(Saved entries)

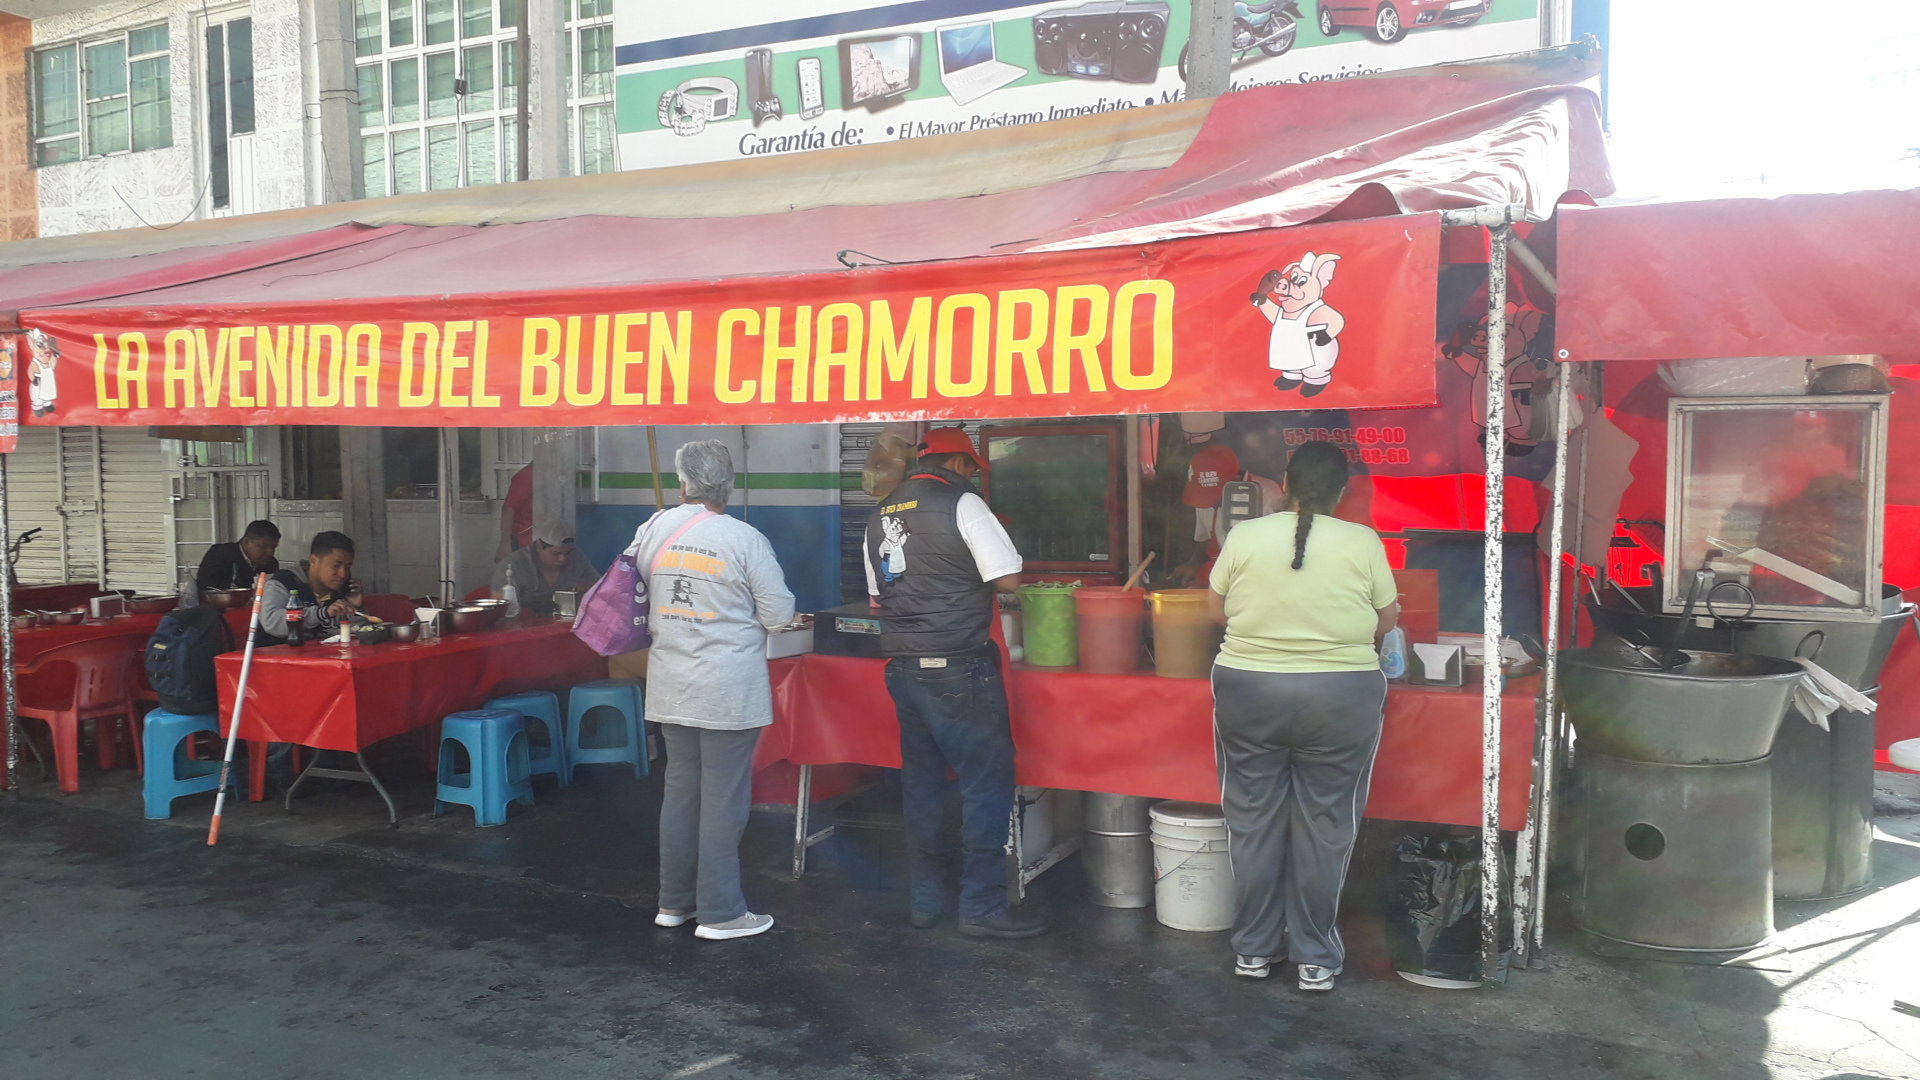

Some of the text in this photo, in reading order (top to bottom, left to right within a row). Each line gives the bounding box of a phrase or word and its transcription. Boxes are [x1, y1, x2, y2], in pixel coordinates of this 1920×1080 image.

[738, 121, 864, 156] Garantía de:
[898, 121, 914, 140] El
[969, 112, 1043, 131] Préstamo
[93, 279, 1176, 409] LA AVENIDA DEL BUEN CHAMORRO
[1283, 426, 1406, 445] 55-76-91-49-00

> About this exercise: Every record above, copied exactly and without a single picture, makes up the answer.

> Result for this exercise:
Some of the text in this photo, in reading order (top to bottom, left to right within a row). Each line gives the bounding box of a phrase or word and its transcription. Boxes are [x1, y1, x2, y2], in pixel coordinates of this 1920×1080 image.

[738, 121, 864, 156] Garantía de:
[898, 121, 914, 140] El
[969, 112, 1043, 131] Préstamo
[93, 279, 1176, 409] LA AVENIDA DEL BUEN CHAMORRO
[1283, 426, 1406, 445] 55-76-91-49-00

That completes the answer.